• [ENTRIES PROVIDED]
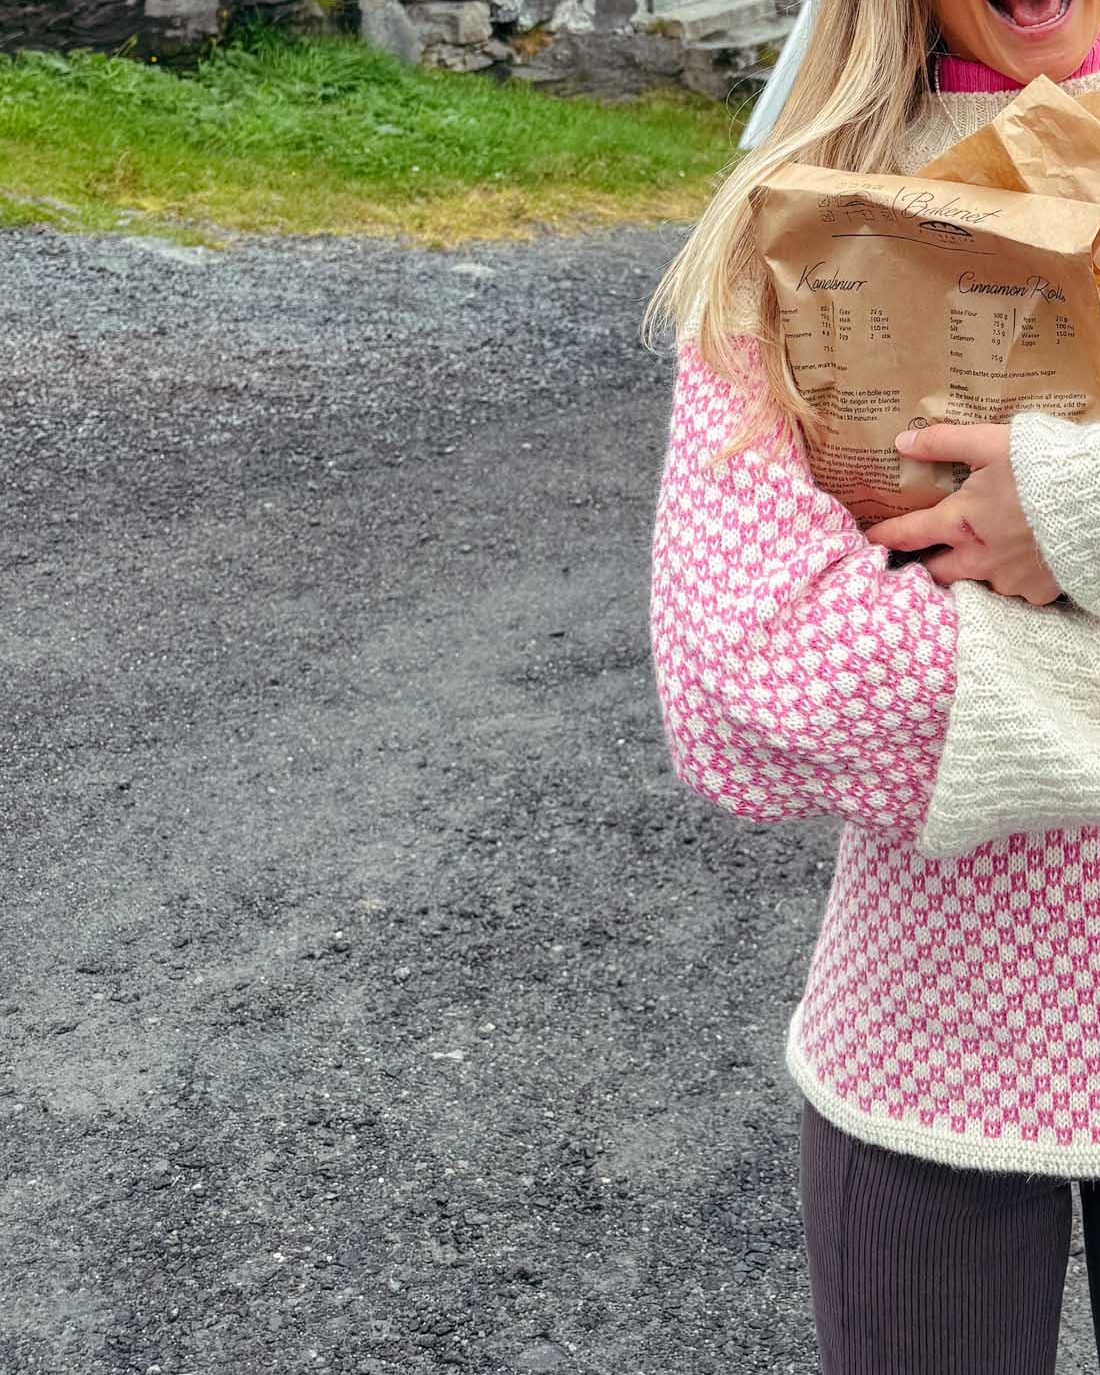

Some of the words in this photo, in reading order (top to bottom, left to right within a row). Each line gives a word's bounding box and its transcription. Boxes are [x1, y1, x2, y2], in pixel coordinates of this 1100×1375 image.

[902, 191, 1003, 224] Bakeriet
[796, 261, 868, 292] Kanelsnurr
[958, 271, 1028, 297] Cinnamon
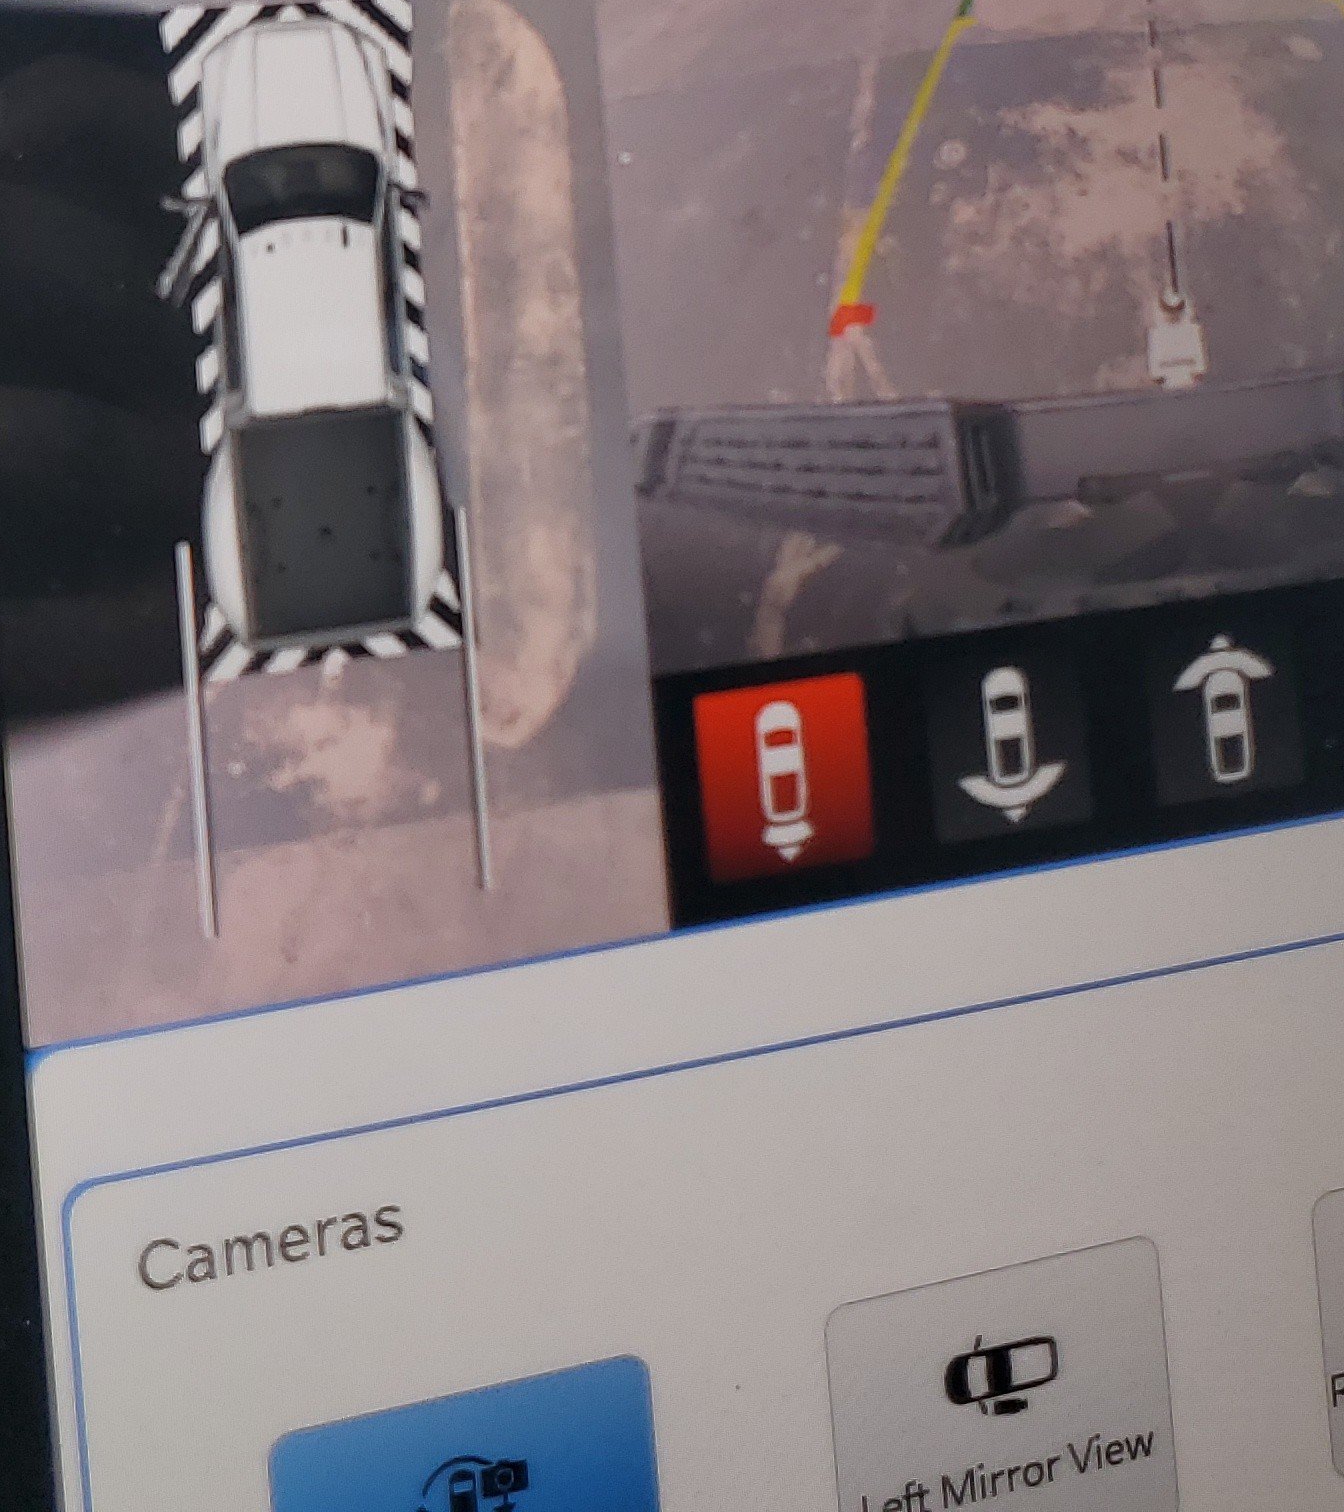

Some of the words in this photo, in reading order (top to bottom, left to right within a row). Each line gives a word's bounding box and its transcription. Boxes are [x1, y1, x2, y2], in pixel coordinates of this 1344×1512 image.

[137, 1203, 405, 1291] Cameras
[941, 1461, 1062, 1509] Mirror
[1067, 1432, 1155, 1474] View

• [TASK] Set the entries down exactly, but not the pictures.

• [WRITTEN RESPONSE]
Some of the words in this photo, in reading order (top to bottom, left to right within a row). Each line gives a word's bounding box and its transcription. Boxes are [x1, y1, x2, y2], in pixel coordinates of this 1100×1375 image.

[902, 191, 1003, 224] Bakeriet
[796, 261, 868, 292] Kanelsnurr
[958, 271, 1028, 297] Cinnamon

Some of the words in this photo, in reading order (top to bottom, left to right within a row). Each line gives a word's bounding box and its transcription. Boxes are [x1, y1, x2, y2], in pixel coordinates of this 1344×1512 image.

[137, 1203, 405, 1291] Cameras
[941, 1461, 1062, 1509] Mirror
[1067, 1432, 1155, 1474] View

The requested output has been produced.